> [Work item] Leave the pictures aside and give back every entry below word for word.

> [Exercise materials]

# # # # #

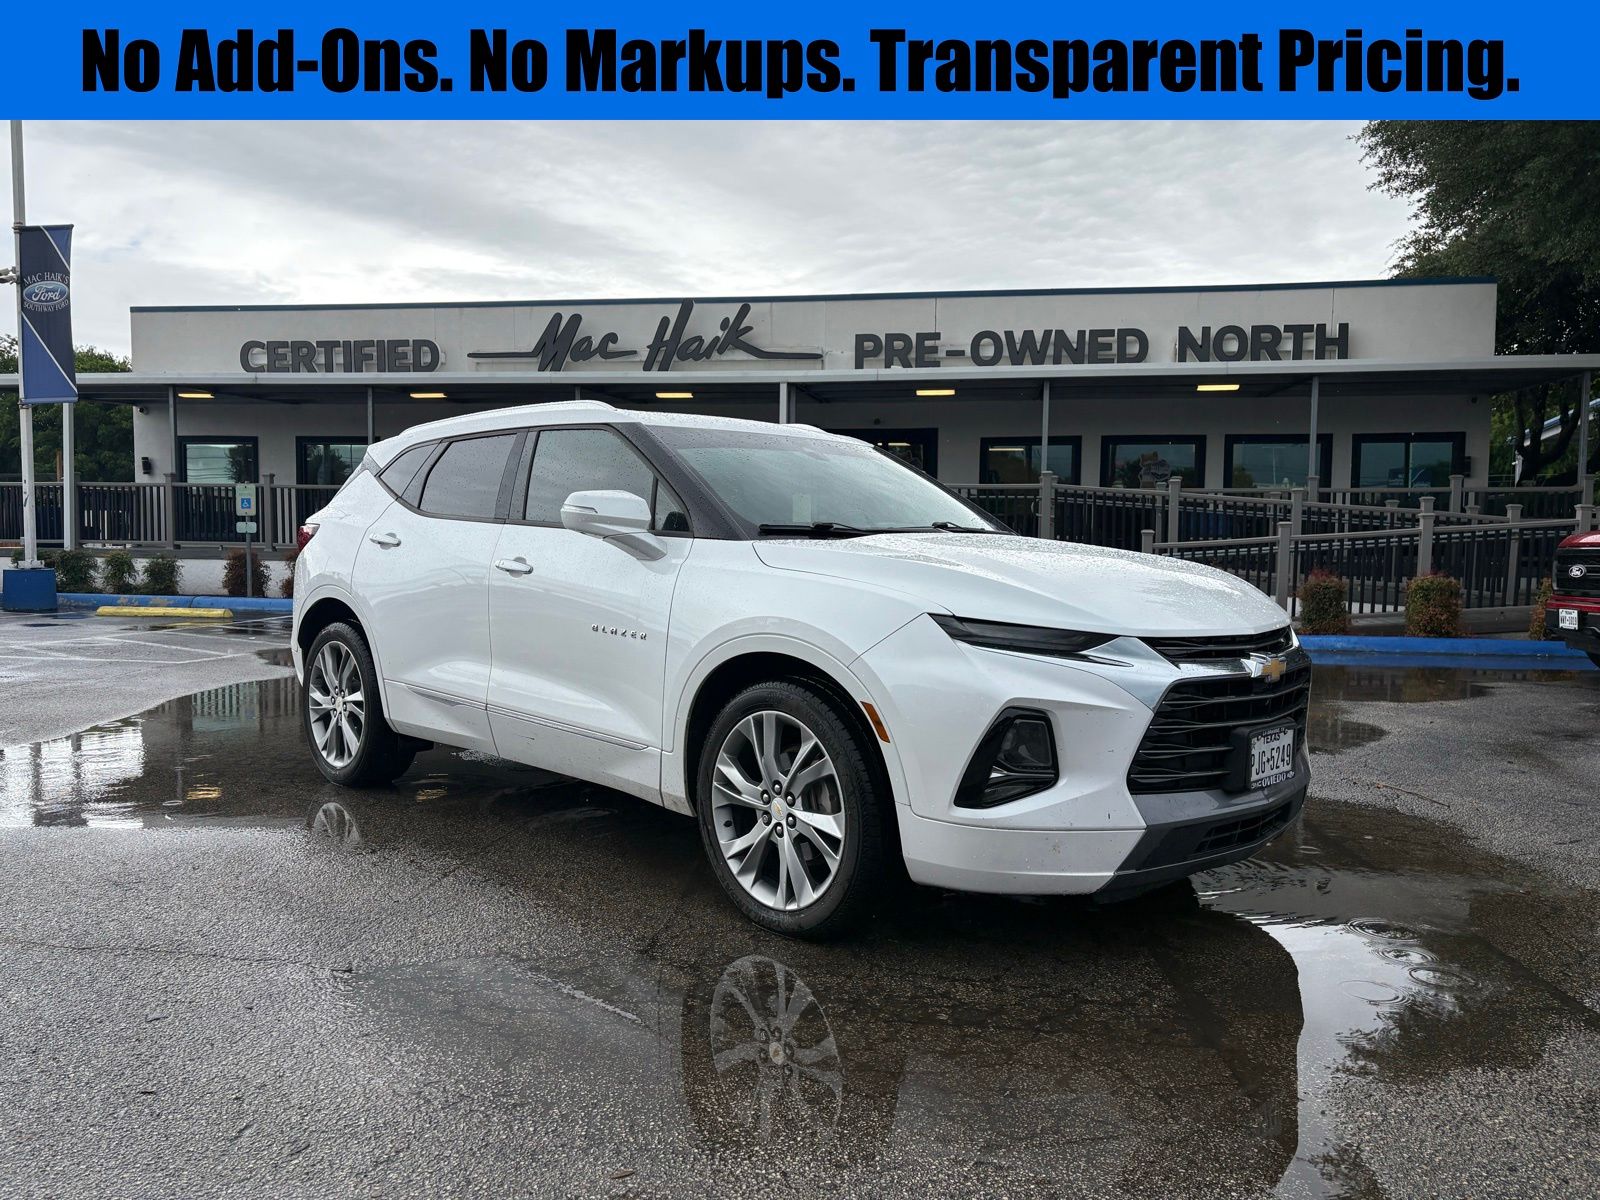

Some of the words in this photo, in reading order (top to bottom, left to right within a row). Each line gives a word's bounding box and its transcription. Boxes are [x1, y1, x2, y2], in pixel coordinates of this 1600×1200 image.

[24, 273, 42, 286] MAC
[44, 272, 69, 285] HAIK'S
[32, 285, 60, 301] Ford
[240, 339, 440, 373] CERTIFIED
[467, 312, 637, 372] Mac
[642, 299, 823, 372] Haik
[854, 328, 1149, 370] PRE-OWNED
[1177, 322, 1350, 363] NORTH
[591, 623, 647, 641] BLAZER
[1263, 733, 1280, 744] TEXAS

# # # # #

> [Response]
Some of the words in this photo, in reading order (top to bottom, left to right within a row). Each line gives a word's bounding box and its transcription. Boxes are [x1, y1, x2, y2], in pixel coordinates of this 1600×1200 image.

[24, 273, 42, 286] MAC
[44, 272, 69, 285] HAIK'S
[32, 285, 60, 301] Ford
[240, 339, 440, 373] CERTIFIED
[467, 312, 637, 372] Mac
[642, 299, 823, 372] Haik
[854, 328, 1149, 370] PRE-OWNED
[1177, 322, 1350, 363] NORTH
[591, 623, 647, 641] BLAZER
[1263, 733, 1280, 744] TEXAS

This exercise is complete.